The weevil's spread northwards and westwards hugely accelerated in the 1980s. It did not “work its way” across Asia or “find its way” into Africa as some reports would have us believe. It was irresponsibly transported by humans. Put simply, traders in pursuit of big profits imported trees to unaffected areas from well-known contaminated zones.
By 1985 the weevil had occupied Saudi Arabia and the United Arab Emirates. By 1990 it had reached Iran. Two years later, infected palm offshoots were exported from the United Arab Emirates to Egypt, Israel, Jordan and the Palestinian territories.
The first weevils to cross the Mediterranean were carried in palms shipped from Egypt to the Costa del Sol in 1994. It was madness. The devastating nature of the pest was well known in Egypt, yet Spain had no importation restrictions in place at the time.
Two years went by before the Spanish government got around to imposing restrictions. Four years later the law was toned down. By then a lucrative trade in palms was flourishing across open EU borders.
The weevil had already spread from Andalusia to other areas of Spain, including Murcia, Valencia, Cataluña, the Balearic Islands and even the Canaries. It continued its European odyssey and turned up in force in Greece, Cyprus, Malta, France and Italy.
The EU Commission issued a belated directive banning importation from non-EU countries and demanding that all palms should travel with a phytosanitary certificate.

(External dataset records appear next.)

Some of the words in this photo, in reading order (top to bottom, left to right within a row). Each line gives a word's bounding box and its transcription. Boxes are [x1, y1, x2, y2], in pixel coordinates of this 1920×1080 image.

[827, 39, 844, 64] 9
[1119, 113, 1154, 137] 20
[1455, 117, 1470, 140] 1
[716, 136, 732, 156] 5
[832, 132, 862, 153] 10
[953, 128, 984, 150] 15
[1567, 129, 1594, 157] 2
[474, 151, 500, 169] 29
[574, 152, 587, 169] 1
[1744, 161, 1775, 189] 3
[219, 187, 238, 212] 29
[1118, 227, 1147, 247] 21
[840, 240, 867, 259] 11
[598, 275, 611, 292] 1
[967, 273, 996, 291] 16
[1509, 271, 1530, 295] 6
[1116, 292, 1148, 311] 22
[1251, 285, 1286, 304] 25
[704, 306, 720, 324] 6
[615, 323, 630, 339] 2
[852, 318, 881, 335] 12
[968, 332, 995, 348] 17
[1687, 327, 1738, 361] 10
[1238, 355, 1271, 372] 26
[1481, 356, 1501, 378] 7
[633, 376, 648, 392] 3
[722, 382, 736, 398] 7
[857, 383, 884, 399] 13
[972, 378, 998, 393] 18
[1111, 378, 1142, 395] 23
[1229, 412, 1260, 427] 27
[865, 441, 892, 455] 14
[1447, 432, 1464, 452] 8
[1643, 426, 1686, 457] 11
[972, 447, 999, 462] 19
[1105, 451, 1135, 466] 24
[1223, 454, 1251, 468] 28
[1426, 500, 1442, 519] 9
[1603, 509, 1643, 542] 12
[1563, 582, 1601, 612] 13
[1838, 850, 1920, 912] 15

The high risk of the weevil entering the Algarve and the strict preventative measures needed to stop that happening should have been obvious to the Portuguese Government, the regional agriculture directorate and to local palm importers. Yet in 2007, infected trees were brought in from both Egypt and Spain without quarantine or any other impediment whatsoever.
The weevils quickly established themselves here. Municipal authorities, apparently oblivious to the problem, ignored infested trees right in the centre of towns and villages. Gormlessly, vulnerable new palms were actually added to roadsides and roundabouts.

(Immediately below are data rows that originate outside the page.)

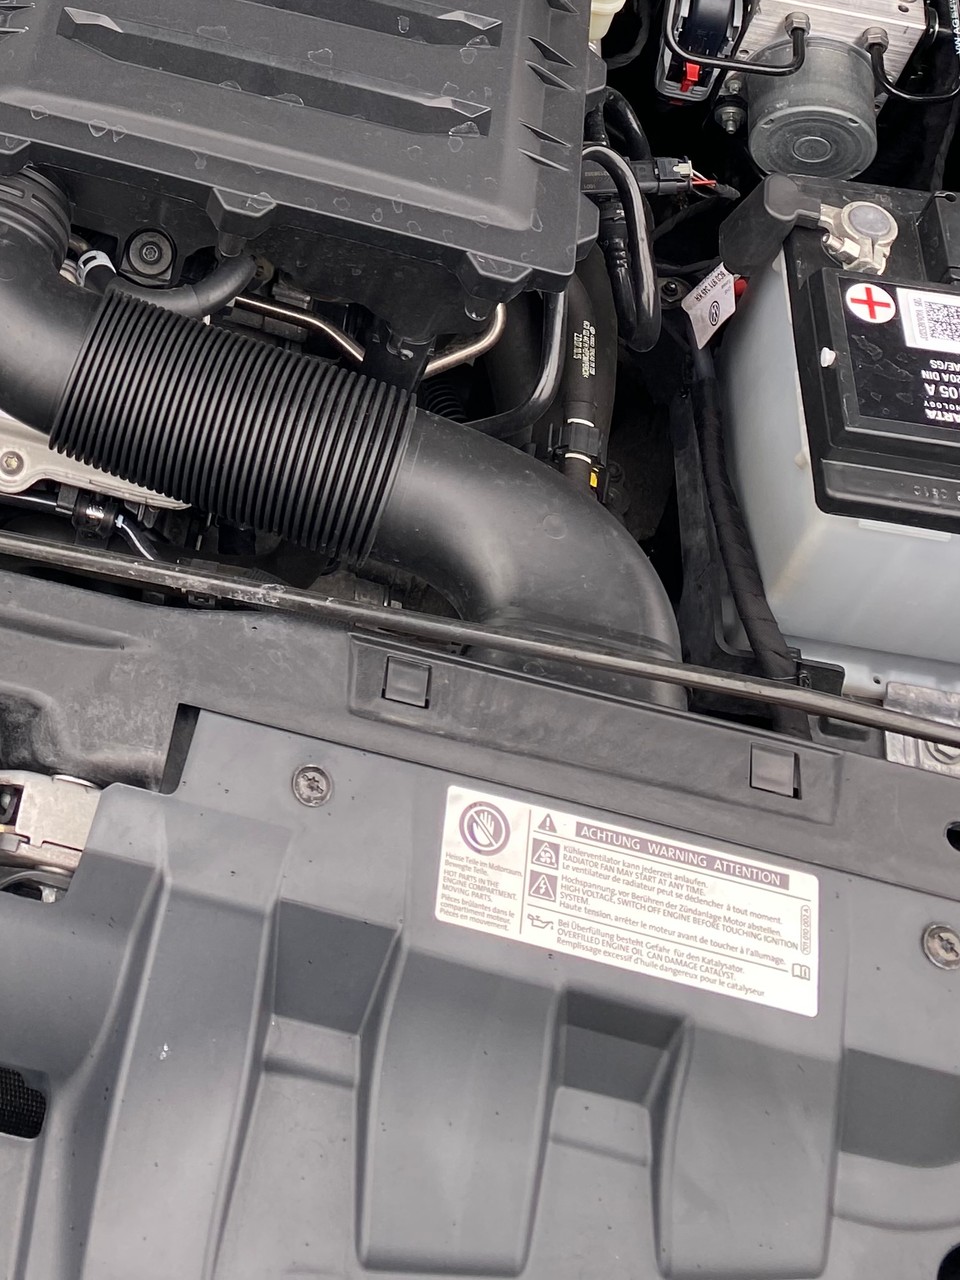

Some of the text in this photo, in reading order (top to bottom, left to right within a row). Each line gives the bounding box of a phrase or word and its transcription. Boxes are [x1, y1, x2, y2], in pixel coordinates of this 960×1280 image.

[921, 369, 940, 381] DIN
[924, 382, 935, 395] A
[444, 859, 472, 873] Bewegte
[465, 856, 479, 865] Teile
[563, 844, 707, 888] Kühlerventilator kann jederzeit anlaufen.
[580, 825, 780, 885] ACHTUNG WARNING ATTENTION
[442, 875, 517, 900] ENGINE COMPARTMENT.
[442, 883, 469, 896] MOVING
[443, 868, 457, 877] HOT
[458, 872, 477, 882] PARTS
[486, 879, 498, 888] THE
[563, 853, 598, 869] RADIATOR
[600, 863, 614, 873] FAN
[616, 867, 632, 877] MAY
[634, 872, 656, 883] START
[668, 880, 683, 891] ANY
[686, 885, 705, 896] TIME.
[439, 900, 484, 918] compartiment
[492, 906, 507, 916] dans
[560, 891, 589, 905] SYSTEM.
[571, 864, 610, 881] ventilateur
[611, 875, 620, 883] de
[622, 877, 654, 892] radiateur
[656, 886, 673, 898] peut
[684, 893, 723, 910] déclencher
[732, 906, 747, 916] tout
[749, 910, 782, 925] moment.
[559, 899, 582, 912] Haute
[584, 906, 613, 921] tension,
[614, 913, 639, 927] arrêter
[648, 923, 675, 937] moteur
[677, 931, 697, 942] avant
[699, 935, 708, 945] de
[710, 938, 737, 952] toucher
[560, 882, 798, 950] HIGH VOLTAGE, SWITCH OFF ENGINE BEFORE TOUCHING IGNITION
[617, 889, 629, 898] vor
[631, 891, 664, 907] Berühren
[665, 901, 677, 910] der
[678, 904, 721, 924] Zündanlage
[723, 915, 746, 928] Motor
[747, 921, 781, 937] abstellen.
[557, 918, 744, 976] Bei Überfüllung besteht Gefahr für den Katalysator.
[557, 927, 736, 981] OVERFILLED ENGINE OIL CAN DAMAGE CATALYST.
[556, 936, 601, 956] Remplissage
[602, 948, 633, 963] excessif
[658, 963, 697, 982] dangereux
[700, 975, 716, 987] pour
[726, 981, 764, 999] catalyseur

The landscape right across the Algarve is now littered with dead and dying palms. Local battles are going on to save individual trees by setting traps, injecting and spraying, but the weevils are winning the war.

Containment efforts are expensive and ultimately pointless. Eradication is impossible until the last of the weevil's favourite palms has collapsed.

These trees were never in the Algarve in the first place. Why don't we stick to fostering indigenous plants that clearly enjoy it here?